В конце августа жара только усилилась. Дожди заблудились где-то над архангельскими лесами и там лили слезы по Петербургу. К полудню душного воскресенья они с Ефимычем отправились на собрание эсеров. Наставник решил, что пора приобщать помощника к партийной работе, теперь уже как представителя трудового пролетариата и крестьянства в одном лице. Вечерами от безделья он читал прокламации с брошюрами и даже стал проникаться духом революционной борьбы уже различая большевиков и эсеров не только по наличию евреев на квадратный метр организации, но и по целям и противоречиям радетелей за народное благо. С экспроприацией он соглашался безоговорочно и без сожаления, так как за душой теперь у него не было ни аршина земли. Вот только не мог понять новообращенный зачем за нее так ухватились вполне себе обеспеченные отпрыски купцов и банкиров, которые по рассказам Ефимыча бросали все и шли бороться за трудовой народ. Кроме как — с жиру бесятся! — объяснений у Санька не было. Ефимыч же настаивал на «идее» с большой буквы и эмансипации. Постепенно неофит нахватался разных умных слов и мог ввернуть их при удобном случае, придавая значимости своим речам.
Ехали третьем классом. Состав подбрасывало и трясло. Похоже все отвратительные запахи Питера разом собрали в пробирку вагона. Едкий табачный дым щипал глаза. Курили не сходя с мест. Тянуло дерьмом от неистово орущего младенца. Переодевать его мать не стала, привычно заткнула рот налитой титькой и ребенок наконец умолк. На деревянной лавке напротив сидела торговка с пустыми корзинами, от которых разило гнилой рыбой. Скрученные веревкой, они заполнили проход, так, что ноги пассажирам пришлось прятать под лавку. Рядом мерно раскачивался поп в пыльной рясе, с крестом на груди. Из-под широкополой шляпы он изучал газету «Сельский вестник». Где-то впереди заунывно пели, а в конце вагона матерились громко и яростно, по всему было видно, что разгорается ссора из-за карточной игры.
— Каково? — поинтересовался Ефимыч клонясь к попутчику. Саня глянул на него непонимающе. — Я говорю третий класс — это концентрат, сгусток народной жизни. Погляди на этих людей. Все они достойны лучшего и имеют право ехать любым классом! — продолжил он придавленным шепотом. — Цель нашей борьбы — отмена неравенства и уничтожение власти денег, разлагающей все моральные основы. Личность человека должна быть во главе угла… — прикрывая кепкой рот вещал старик возбужденным шепотом.
Саня оглядел вагон, но не нашел ни одной симпатичной личности. Даже спящий младенец, обмотанный грязноватыми тряпками, не вызывал умиления.
Часы на деревянном здании вокзала показывали четверть первого.

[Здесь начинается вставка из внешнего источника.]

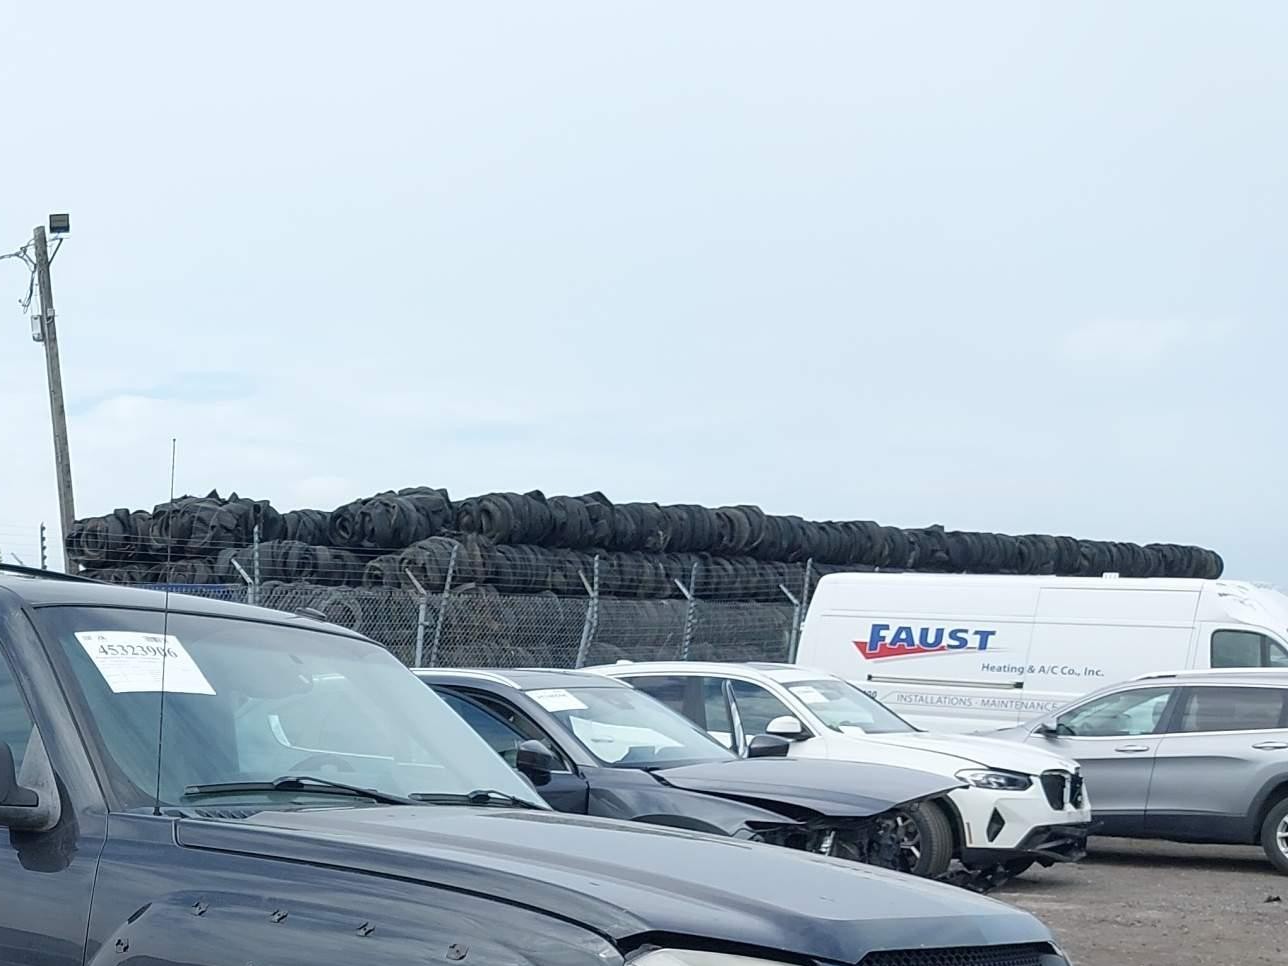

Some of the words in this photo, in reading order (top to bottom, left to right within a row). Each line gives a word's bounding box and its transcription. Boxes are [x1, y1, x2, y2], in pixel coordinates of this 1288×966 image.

Дощатая вывеска на торце здания, отчего-то и на латинице, раскрывала название станции — «Удельная». Они перешли по мосткам через пути. За стеной тополей желтела песчаная дорога. «Нам туда», — махнул рукой Ефимыч указывая направление. В порывистой его походке угадывалось желание поскорее оказаться у цели путешествия, тогда как Саня не спешил, разглядывая местные строения.
За забором показалась резная деревянная церковь.
— Что за церковь?
— Святителя Пантелеймона. Эсеры за свободу вероисповедания. Ты верующий? — спросил не оборачиваясь. Санек ничего не ответил, он стоял и глядел на людей выходящих из храма. Ему показалось, что в толпе мелькнула косматая голова деда Артюхина.
— А что это за корпуса за оградой? Не успел прочитать, — поинтересовался, нагнав стремительно удаляющегося попутчика.
— Душевный приют. Император Александр третий организовал. Опять же для знати! Но теперь это островок равенства. Здесь и пролетарии томятся. Дурдом-с.
Неожиданное обстоятельство, открывающее место заточения его приятеля по несчастью заметно воодушевило Саню. Понятно, что сейчас он охотнее отправился бы на встречу с генерал-губернатором, чем с каким-то «толстяком», о котором ему доверительно сообщил Ефимыч. Вот только уйти незамеченным ему теперь вряд ли удастся. Подождем, впереди целая вечность, удержал он себя и как бы между прочим поинтересовался:
— А что к психам пускают?
— Пускают по выходным. Они хоть и без ума, но люди. Конфект хотят и ласки. Да вот и пришли, — заходя в калитку Ефимыч виртуозным соловьем высвистал мотивчик и перед ними растворились двери двухэтажного деревянного дома.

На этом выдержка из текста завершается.